# [Exercise instructions]
When you come to a picture, pass over it, and set down the entries below exactly.

Records supplied section start

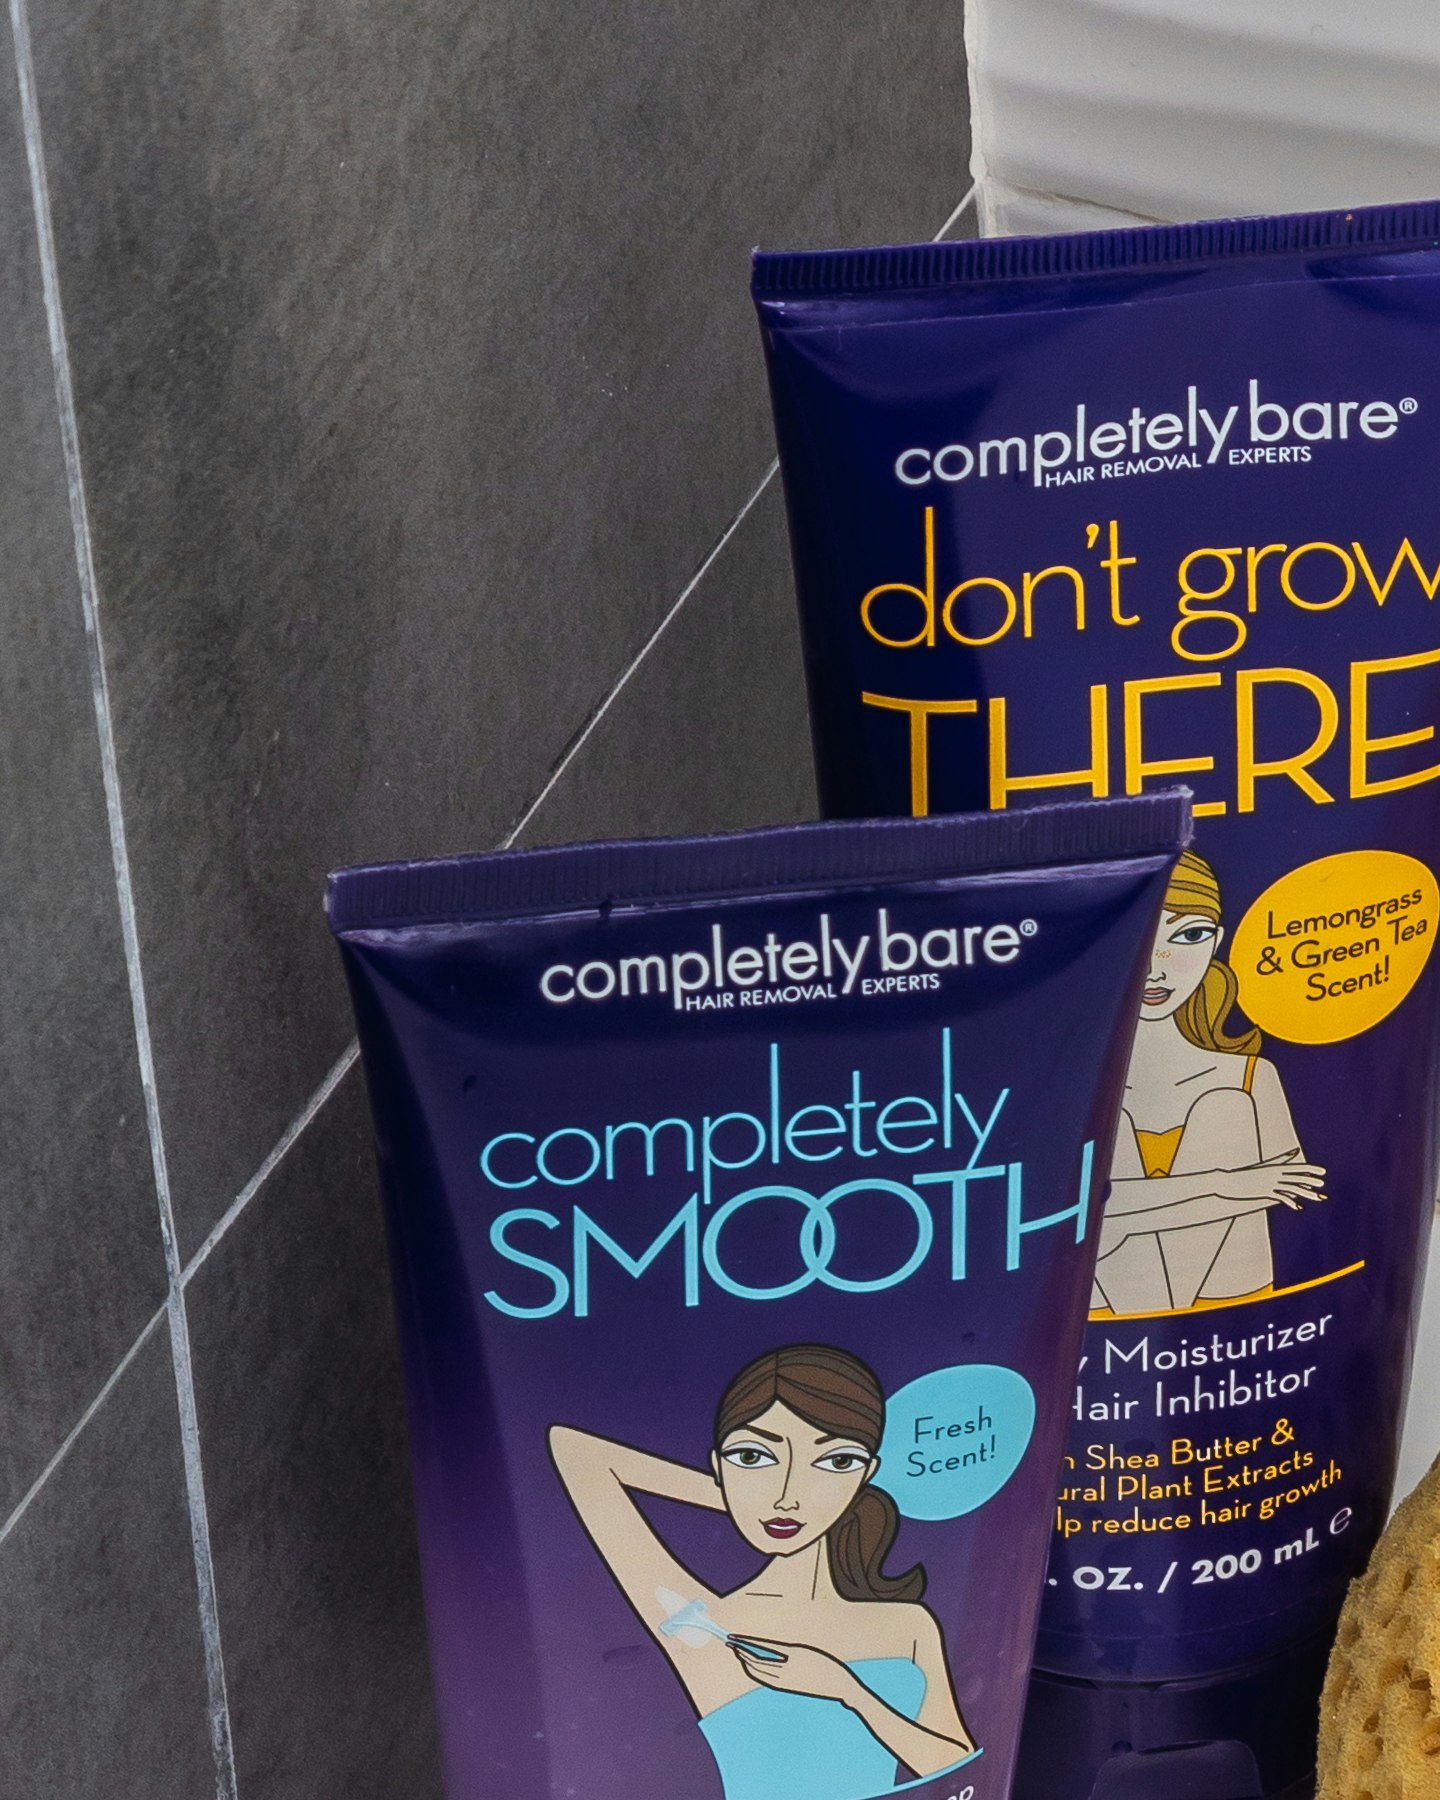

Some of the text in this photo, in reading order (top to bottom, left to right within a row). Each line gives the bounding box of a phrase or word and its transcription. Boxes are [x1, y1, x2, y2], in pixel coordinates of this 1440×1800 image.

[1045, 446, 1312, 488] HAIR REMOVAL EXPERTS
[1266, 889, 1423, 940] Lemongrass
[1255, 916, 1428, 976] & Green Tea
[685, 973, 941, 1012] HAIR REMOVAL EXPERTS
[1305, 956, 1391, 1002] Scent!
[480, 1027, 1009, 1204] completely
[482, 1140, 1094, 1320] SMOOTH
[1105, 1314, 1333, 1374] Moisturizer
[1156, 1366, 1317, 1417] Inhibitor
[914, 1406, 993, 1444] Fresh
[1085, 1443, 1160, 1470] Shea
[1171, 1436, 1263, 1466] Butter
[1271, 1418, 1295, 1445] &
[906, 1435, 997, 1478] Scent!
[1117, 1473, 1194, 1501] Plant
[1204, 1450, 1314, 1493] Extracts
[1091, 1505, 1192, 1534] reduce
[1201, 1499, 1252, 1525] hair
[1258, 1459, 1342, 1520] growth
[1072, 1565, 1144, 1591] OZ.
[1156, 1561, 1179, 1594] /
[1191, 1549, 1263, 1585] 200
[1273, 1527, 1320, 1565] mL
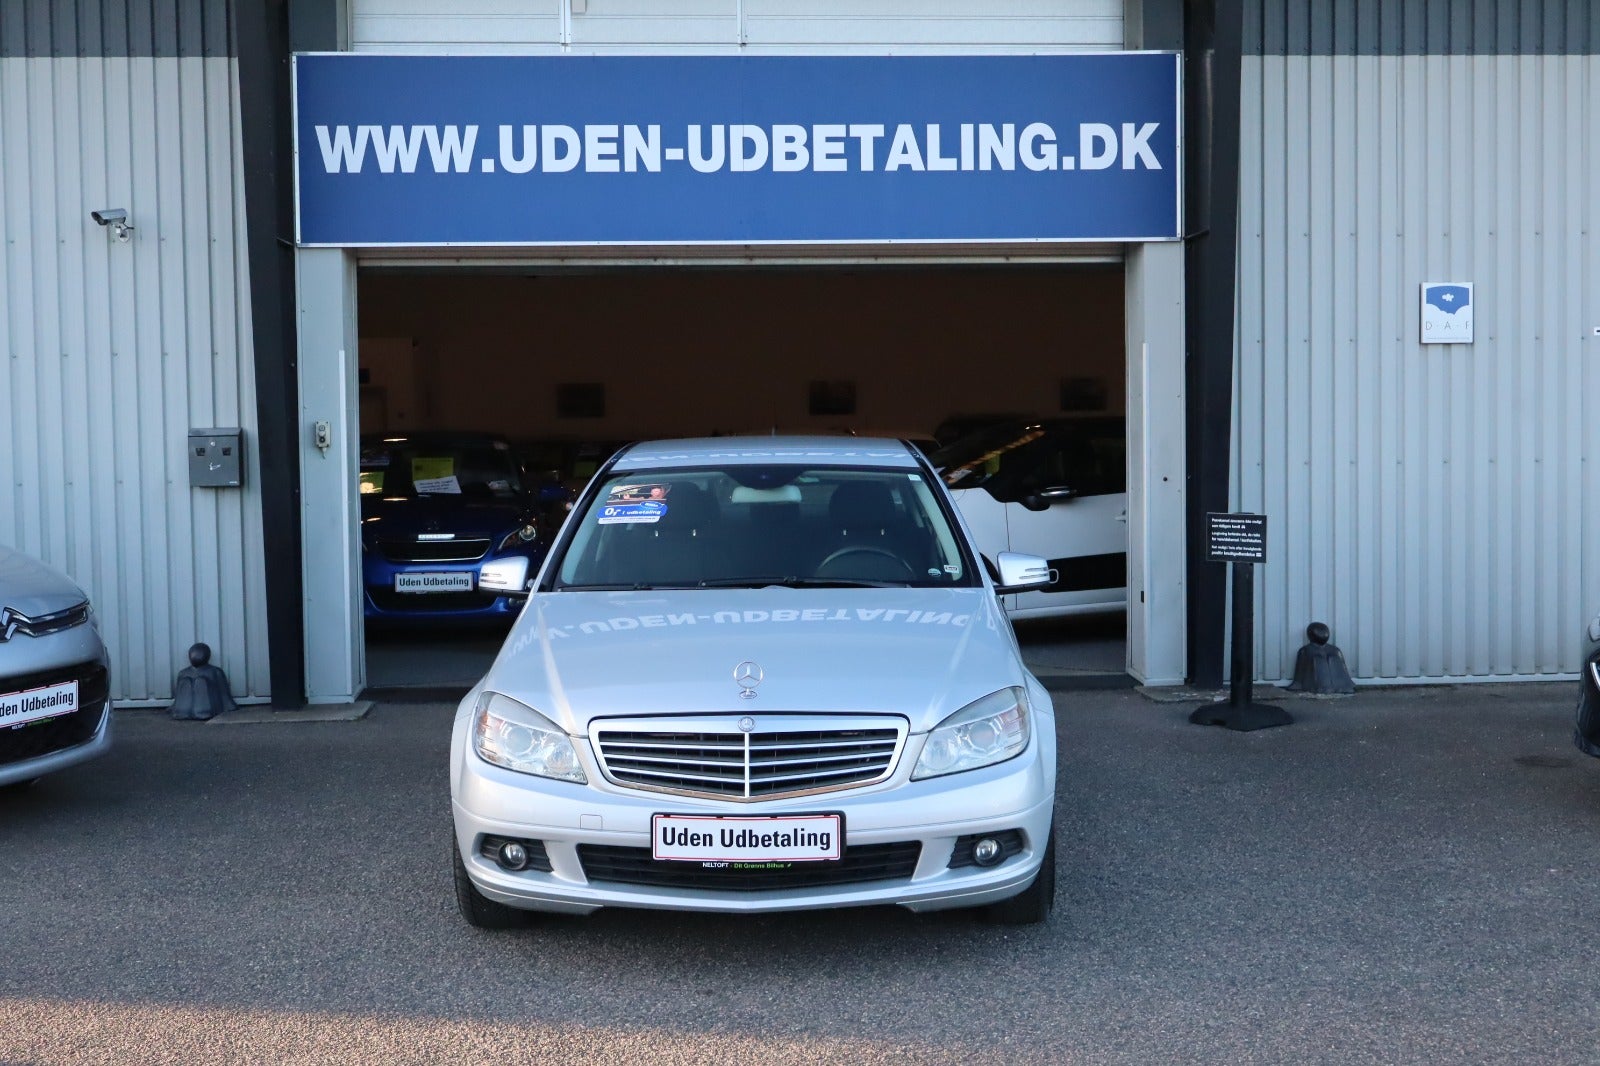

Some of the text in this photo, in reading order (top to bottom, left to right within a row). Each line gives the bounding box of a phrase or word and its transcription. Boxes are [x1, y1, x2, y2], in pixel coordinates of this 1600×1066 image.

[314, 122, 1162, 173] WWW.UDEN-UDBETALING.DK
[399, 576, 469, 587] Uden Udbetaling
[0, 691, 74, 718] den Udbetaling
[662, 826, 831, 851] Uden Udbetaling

Records supplied section end

# [Written answer]
Some of the text in this photo, in reading order (top to bottom, left to right within a row). Each line gives the bounding box of a phrase or word and its transcription. Boxes are [x1, y1, x2, y2], in pixel coordinates of this 1440×1800 image.

[1045, 446, 1312, 488] HAIR REMOVAL EXPERTS
[1266, 889, 1423, 940] Lemongrass
[1255, 916, 1428, 976] & Green Tea
[685, 973, 941, 1012] HAIR REMOVAL EXPERTS
[1305, 956, 1391, 1002] Scent!
[480, 1027, 1009, 1204] completely
[482, 1140, 1094, 1320] SMOOTH
[1105, 1314, 1333, 1374] Moisturizer
[1156, 1366, 1317, 1417] Inhibitor
[914, 1406, 993, 1444] Fresh
[1085, 1443, 1160, 1470] Shea
[1171, 1436, 1263, 1466] Butter
[1271, 1418, 1295, 1445] &
[906, 1435, 997, 1478] Scent!
[1117, 1473, 1194, 1501] Plant
[1204, 1450, 1314, 1493] Extracts
[1091, 1505, 1192, 1534] reduce
[1201, 1499, 1252, 1525] hair
[1258, 1459, 1342, 1520] growth
[1072, 1565, 1144, 1591] OZ.
[1156, 1561, 1179, 1594] /
[1191, 1549, 1263, 1585] 200
[1273, 1527, 1320, 1565] mL

Some of the text in this photo, in reading order (top to bottom, left to right within a row). Each line gives the bounding box of a phrase or word and its transcription. Boxes are [x1, y1, x2, y2], in pixel coordinates of this 1600×1066 image.

[314, 122, 1162, 173] WWW.UDEN-UDBETALING.DK
[399, 576, 469, 587] Uden Udbetaling
[0, 691, 74, 718] den Udbetaling
[662, 826, 831, 851] Uden Udbetaling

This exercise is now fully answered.